His suffering begins not with the cross of Calvary but with the human condition he assumes. He goes out to a suffering humanity with evident disregard for religious scruples about purity. He is often among the unclean, as he is now, as we see him, with our mind’s eye, in the home of Simon the leper, sitting at table with him. Mark does not say that Jesus healed him, so we have reason to imagine Simon’s flesh still encrusted with scales or sores.
In a sense, this is the reason Jesus was put to death. He violated purity laws over and over again to reach suffering humanity. Indeed, immediately before and immediately after saying that Jesus sat at table with Simon, Mark mentions death in two very different ways. The chief priest and scribes look for a way to arrest Jesus and so foreshadow all the anguish to follow.
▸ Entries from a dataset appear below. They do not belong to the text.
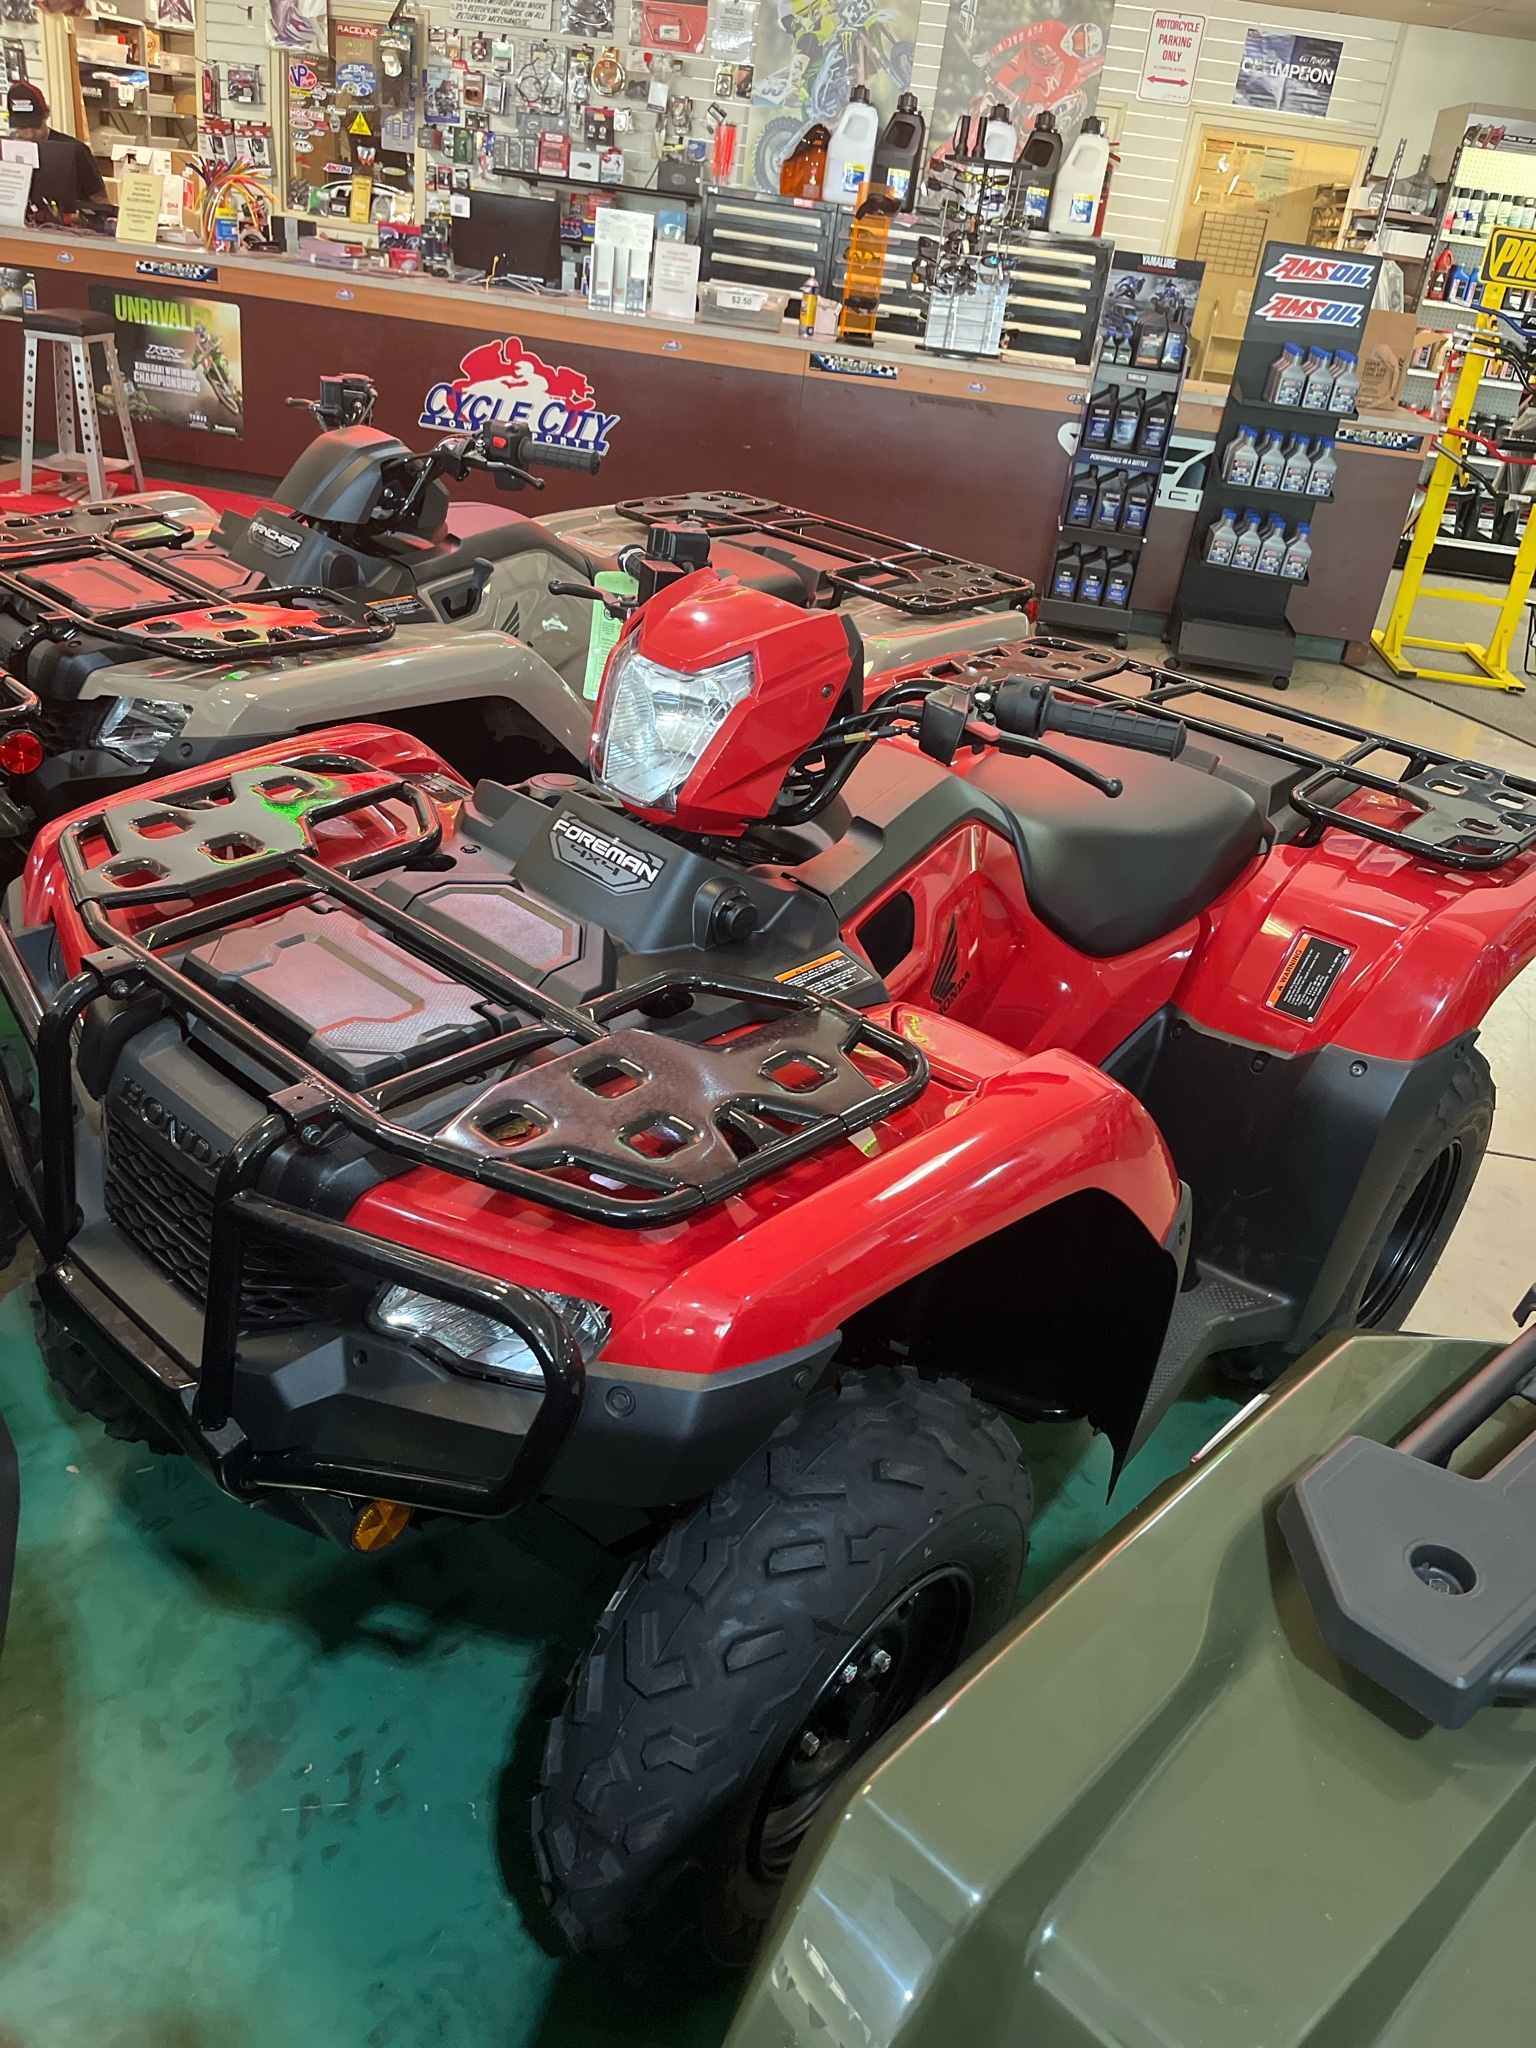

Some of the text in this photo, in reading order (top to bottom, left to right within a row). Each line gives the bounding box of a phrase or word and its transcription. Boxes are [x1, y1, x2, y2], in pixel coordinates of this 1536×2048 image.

[456, 12, 530, 26] RETURNED MERCHANDISE
[534, 12, 545, 20] ALL
[1155, 18, 1200, 33] MOTORCYCLE
[337, 25, 379, 36] RACELINE
[1158, 34, 1193, 48] PARKING
[1162, 49, 1183, 63] ONLY
[290, 64, 308, 88] VP
[347, 64, 366, 74] EBC
[325, 163, 352, 174] AMSOIL
[1142, 254, 1177, 270] YAMALUBE
[1268, 255, 1373, 287] AMSOIL
[114, 294, 214, 333] UNRIVALED
[1258, 294, 1363, 326] AMSOIL
[133, 370, 201, 393] CHAMPIONSHIPS
[426, 384, 616, 442] CYCLE CITY
[1090, 453, 1121, 465] PERFORMANCE
[1132, 458, 1149, 468] BOTTLE
[250, 521, 301, 551] RANCHER
[552, 818, 659, 883] FOREMAN
[1281, 949, 1302, 983] WARNING
[936, 970, 971, 1015] HONDA
[119, 1074, 225, 1178] HONDA
A woman approaches Jesus with an alabaster flask of pure nard, breaks it open, and pours it over him in devotion. Jesus interprets this action as an anointing for his burial. We see two postures toward the body of Jesus: vicious abuse and tender affection.
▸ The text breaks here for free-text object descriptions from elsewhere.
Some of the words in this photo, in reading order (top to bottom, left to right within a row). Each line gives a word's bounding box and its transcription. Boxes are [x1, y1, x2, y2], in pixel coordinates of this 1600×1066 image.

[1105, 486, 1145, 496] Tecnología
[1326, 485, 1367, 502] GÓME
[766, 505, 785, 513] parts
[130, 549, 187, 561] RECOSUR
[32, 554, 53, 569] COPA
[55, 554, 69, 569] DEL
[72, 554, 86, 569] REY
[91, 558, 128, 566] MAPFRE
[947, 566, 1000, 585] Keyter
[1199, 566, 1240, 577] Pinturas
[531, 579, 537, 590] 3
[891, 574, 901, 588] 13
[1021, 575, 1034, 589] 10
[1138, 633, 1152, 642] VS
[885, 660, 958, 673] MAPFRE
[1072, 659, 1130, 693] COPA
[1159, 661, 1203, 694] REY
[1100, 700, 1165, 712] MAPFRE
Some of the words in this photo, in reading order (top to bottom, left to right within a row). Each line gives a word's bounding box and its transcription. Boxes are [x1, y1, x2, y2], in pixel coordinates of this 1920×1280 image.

We are not, of course, only talking about the Jesus who walked the earth so long ago. The risen Lord said to Paul, “Why persecutest thou me?”
Today, we see what Jesus suffers every time a person is abused. They laid hands on him, arrested him, spat on him, blindfolded him, struck him, beat him, bound him, led him away, handed him over, accused him. Still, they were not satisfied. They put a robe on him and a crown of thorns in mockery. After they hung him on a tree, those who passed by derided him, shaking their heads. The chief priests and scribes mocked him. The story of Jesus is the heart-rending story of mob violence against human dignity and the integrity of persons.
The only reason we tell this story and remember it is because the love and mercy of God exceed all human depravity. “Father, forgive them, for they do not know what they are doing” (Luke 23:34). Forgiveness, here, is not violence with impunity but the power of love to change human beings. The love and forgiveness of Christ change us, change the way we regard each other, and the way we treat human bodies.
There is another way. A woman lovingly anointed the body of Jesus in the home of Simon the Leper. Joseph of Arimathea took the dead body of Jesus down from the cross, wrapped him in a linen cloth, and laid him in a tomb. Can we learn to revere human bodies and human lives? Can we show some tender love for the human race? Can we see each other anew?
Look It Up: Hymn 172
Think About It: Such love causes me to tremble.